[PATCH] x86_64: Calgary IOMMU - Multi-Node NULL pointer dereference fix

Calgary hits a NULL pointer dereference when booting in a multi-chassis
NUMA system. See Redhat bugzilla number 198498, found by Konrad
Rzeszutek (konradr@redhat.com).

There are many issues that had to be resolved to fix this problem.
Firstly when I originally wrote the code to handle NUMA systems, I
had a large misunderstanding that was not corrected until now. That was
that I thought the "number of nodes online" referred to number of
physical systems connected. So that if NUMA was disabled, there
would only be 1 node and it would only show that node's PCI bus.
In reality if NUMA is disabled, the system displays all of the
connected chassis as one node but is only ignorant of the delays
in accessing main memory. Therefore, references to num_online_nodes()
and MAX_NUMNODES are incorrect and need to be set to the maximum
number of nodes that can be accessed (which are 8). I created a
variable, MAX_NUM_CHASSIS, and set it to 8 to fix this.

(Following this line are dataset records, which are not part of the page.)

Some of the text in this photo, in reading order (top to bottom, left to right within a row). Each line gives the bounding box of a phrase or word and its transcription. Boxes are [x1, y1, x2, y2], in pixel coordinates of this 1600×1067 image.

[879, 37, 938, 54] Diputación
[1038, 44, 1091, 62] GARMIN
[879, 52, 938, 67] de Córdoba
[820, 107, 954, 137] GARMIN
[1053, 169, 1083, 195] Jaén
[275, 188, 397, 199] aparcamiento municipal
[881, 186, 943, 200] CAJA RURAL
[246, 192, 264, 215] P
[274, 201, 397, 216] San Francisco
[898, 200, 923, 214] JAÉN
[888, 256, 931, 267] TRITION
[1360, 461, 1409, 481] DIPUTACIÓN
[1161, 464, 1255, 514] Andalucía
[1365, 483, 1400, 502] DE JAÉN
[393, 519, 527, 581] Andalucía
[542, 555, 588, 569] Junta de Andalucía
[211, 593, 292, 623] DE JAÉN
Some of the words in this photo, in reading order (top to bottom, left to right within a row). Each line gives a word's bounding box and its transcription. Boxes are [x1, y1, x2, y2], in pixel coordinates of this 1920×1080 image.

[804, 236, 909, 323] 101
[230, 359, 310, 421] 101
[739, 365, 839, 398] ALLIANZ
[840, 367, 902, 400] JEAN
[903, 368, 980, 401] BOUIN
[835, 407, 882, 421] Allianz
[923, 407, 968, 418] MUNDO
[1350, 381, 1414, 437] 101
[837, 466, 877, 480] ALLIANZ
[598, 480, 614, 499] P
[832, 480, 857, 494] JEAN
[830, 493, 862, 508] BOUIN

Secondly, when walking the PCI in detect_calgary, the code only
checked the first "slot" when looking to see if a device is present.
This will work for most cases, but unfortunately it isn't always the
case. In the NUMA MXE drawers, there are USB devices present on the
3rd slot (with slot 1 being empty). So, to work around this, all
slots (up to 8) are scanned to see if there are any devices present.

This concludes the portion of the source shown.